EXERCISE GOAL:
Each record that follows should be repeated exactly, with no pictures carried over.

[DATA TO PROCESS Boundary: Start]

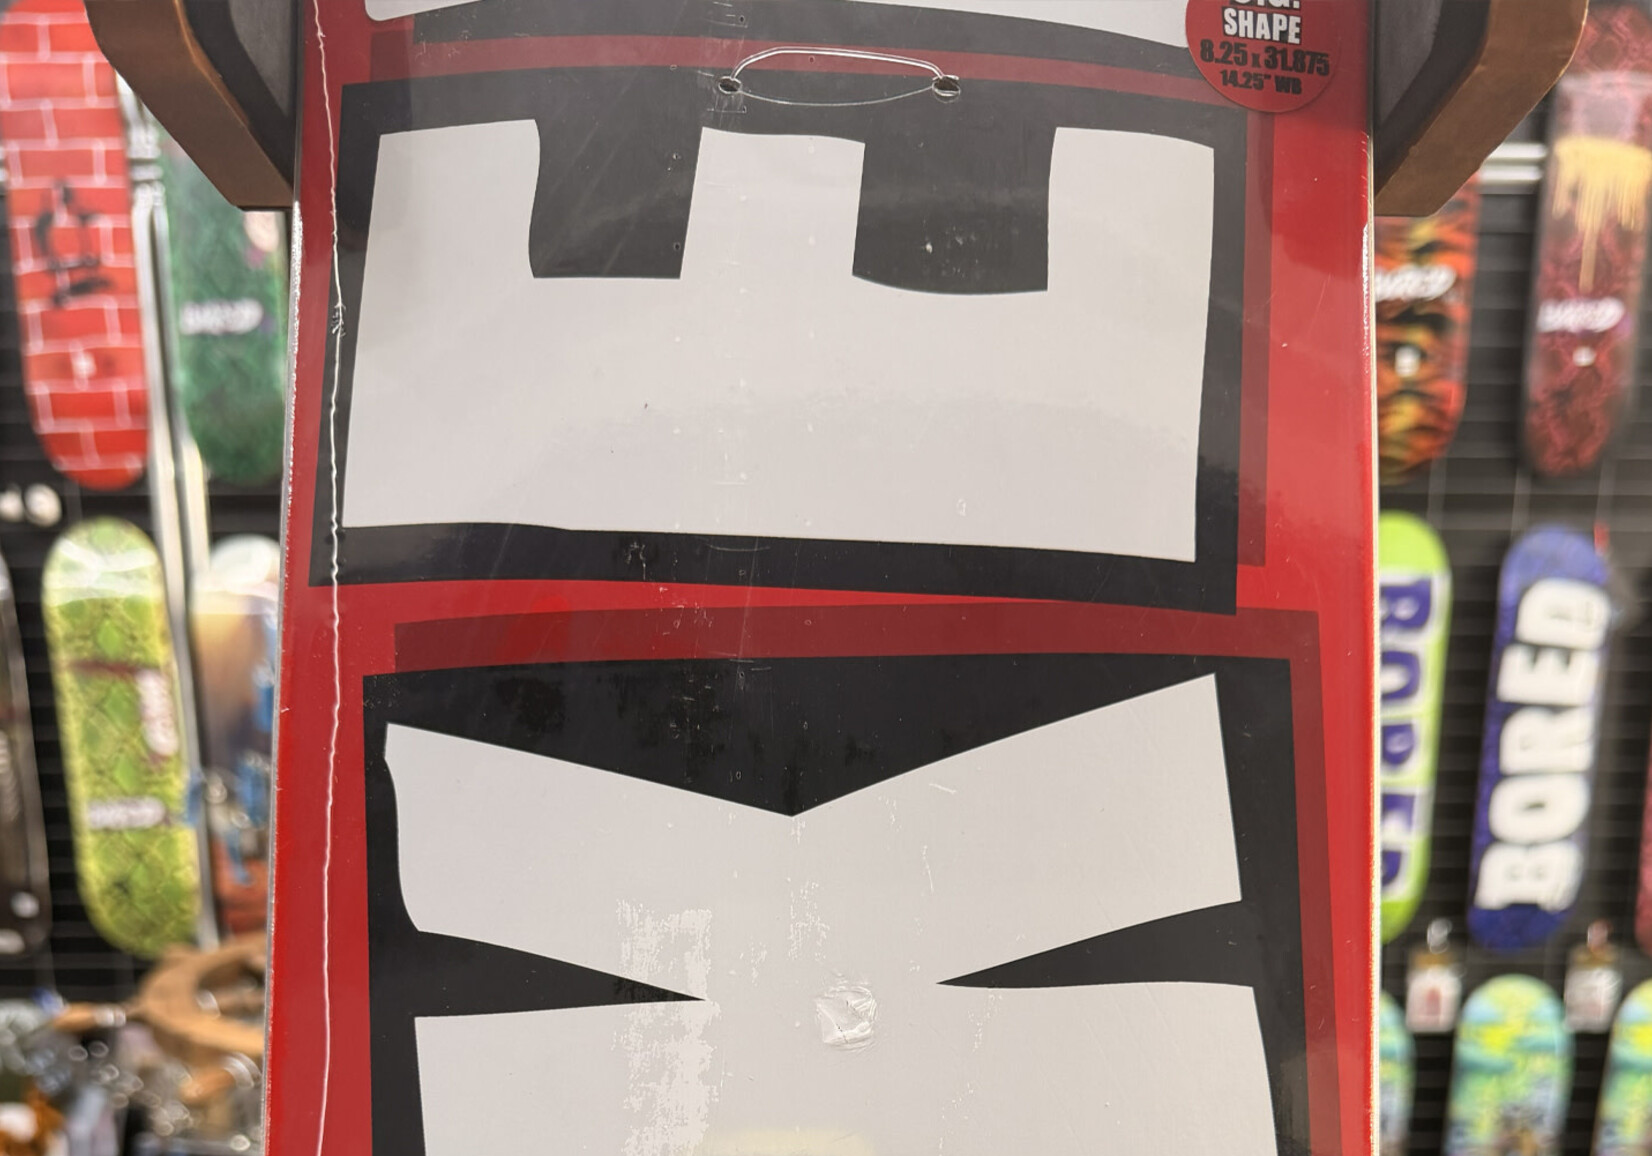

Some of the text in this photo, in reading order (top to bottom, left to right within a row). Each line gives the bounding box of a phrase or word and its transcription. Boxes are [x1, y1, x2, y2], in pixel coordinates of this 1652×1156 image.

[1223, 7, 1301, 44] SHAPE
[1200, 38, 1248, 66] 8.25
[1264, 45, 1330, 76] 31.875
[1274, 75, 1302, 95] WB
[1475, 577, 1611, 912] BORED

[DATA TO PROCESS Boundary: End]

TASK RESPONSE:
Some of the text in this photo, in reading order (top to bottom, left to right within a row). Each line gives the bounding box of a phrase or word and its transcription. Boxes are [x1, y1, x2, y2], in pixel coordinates of this 1652×1156 image.

[1223, 7, 1301, 44] SHAPE
[1200, 38, 1248, 66] 8.25
[1264, 45, 1330, 76] 31.875
[1274, 75, 1302, 95] WB
[1475, 577, 1611, 912] BORED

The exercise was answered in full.